The Concow Trail of Tears was not an isolated event. Tension between white settlers and Native American communities had been growing for years. The Gold Rush of 1849 brought hundreds of thousands to California, most of them young men who cared very little for the indigenous population and its way of life, or their claims to traditional lands. Indeed, the concept of human rights either did not exist or was strictly reserved for European-Americans. Native Americans were forced from their lands, had their children kidnapped, were forced into indentured servitude, or quite simply were murdered. Retaliatory action from Native Americans was met with swift and often violent retribution.

==Impact and legacy==
Many scholars, including historian Benjamin Madley, have linked indigenous removal to Round Valley Reservation to the broader California genocidal campaign. In his journal article entitled “California’s Yuki Indians: Defining Genocide in Native American History,” Madley argues that six key characteristics that defined the treatment of Yuki at Round Valley Reservation as a holocaust:First, vigilantes – rather than state employees – carried out most of the killing, kidnapping, and violence. Second, state and federal decision-makers enabled these acts. Third, the violence was almost entirely one-sided. Fourth, large numbers of Yuki died due to willful neglect under federal custody. Fifth, this catastrophe fits the Genocide Convention definition. Finally, the Yuki case challenges Cook’s long-standing supposition that disease was the leading cause of death among California Indians under United States rule.While Madley focuses specifically on the Yukis, the Konkow Maidu were also present at the reservation and experienced the same violence and destruction under the same system as the Yuki at the Round Valley Reservation.

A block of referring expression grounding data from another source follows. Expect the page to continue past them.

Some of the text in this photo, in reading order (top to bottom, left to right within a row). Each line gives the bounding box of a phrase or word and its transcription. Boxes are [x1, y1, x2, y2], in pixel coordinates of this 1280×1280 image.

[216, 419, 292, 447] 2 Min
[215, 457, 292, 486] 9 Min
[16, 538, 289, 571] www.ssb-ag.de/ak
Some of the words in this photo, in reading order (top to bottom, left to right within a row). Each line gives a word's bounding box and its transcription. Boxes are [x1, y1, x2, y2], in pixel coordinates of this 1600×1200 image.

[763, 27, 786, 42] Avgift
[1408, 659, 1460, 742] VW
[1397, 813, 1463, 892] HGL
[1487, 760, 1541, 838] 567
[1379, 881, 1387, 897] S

Professors Frank Chalk and Kurt Jonassohn echo Madley's argument in their book The History and Sociology of Genocide: The authors argue that the violence against the Yuki in Northern California is “a clearer case of genocide” as “the impact of kidnapping, epidemics, starvation, vigilante justice, and state-sanctioned mass killing” contributed to the dramatic population decline of the Yuki people.

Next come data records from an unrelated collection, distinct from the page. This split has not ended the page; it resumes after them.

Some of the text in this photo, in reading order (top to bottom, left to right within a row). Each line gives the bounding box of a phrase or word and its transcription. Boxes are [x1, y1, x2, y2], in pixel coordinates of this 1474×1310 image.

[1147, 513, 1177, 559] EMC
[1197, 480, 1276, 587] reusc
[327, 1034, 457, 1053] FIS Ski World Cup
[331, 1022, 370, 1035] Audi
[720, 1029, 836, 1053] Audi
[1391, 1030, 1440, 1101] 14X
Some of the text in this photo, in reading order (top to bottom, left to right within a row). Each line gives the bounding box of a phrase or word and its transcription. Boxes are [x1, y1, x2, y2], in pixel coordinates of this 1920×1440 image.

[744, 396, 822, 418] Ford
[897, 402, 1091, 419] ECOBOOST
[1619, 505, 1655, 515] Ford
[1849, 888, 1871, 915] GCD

Scholars have also argued that the establishment of the Nome Cult Farm / Round Valley reservation set the stage for further labor and land exploitation as Baumgardner explains in his book Killing for Land in Early California: In Round Valley, California, as well as in numerous other frontier settlements throughout the West, many Native Americans lived out their lives working to help build Euro-American farms and ranches that were the forerunners of the agribusiness corporate giants of today.The removal of indigenous Northern California has also been viewed through the lens of environmental injustice. Land dispossession and natural resource exploitation (through unsustainable agricultural production and cattle ranching) encouraged the exploitation of Indigenous bodies through removal, enslavement, kidnapping, and sexual violence. Through an analysis of newspaper articles published in the Red Bluff Beacon, Dr. Brendan Lindsay argues that:Settlers and ranchers, particularly those who had lost animals in stock raid, were tempted by a new, easily accessible source for replacement animals. Worse still, the human resources represented by Native people, especially women and children, made Nome Cult and Nome Lackee popular places to obtain low-cost laborers, slaves, and women to rape.An annual 100-mile Nome Cult Trail Walk is hosted annually by members of the Round Valley Reservation to commemorate the trek their ancestors were forced to make from Chico to Round Valley. This walk was established in 1996 and as scholars Dr. Damon Akins and Dr. William Bauer state, the walk "has been instrumental in the process by which Round Valley Indians heal historical trauma.”

A small 4 mi section exists and is part of the Nome Cult Mountain House Trail as part of a number of hiking trails in Mendocino National Forest.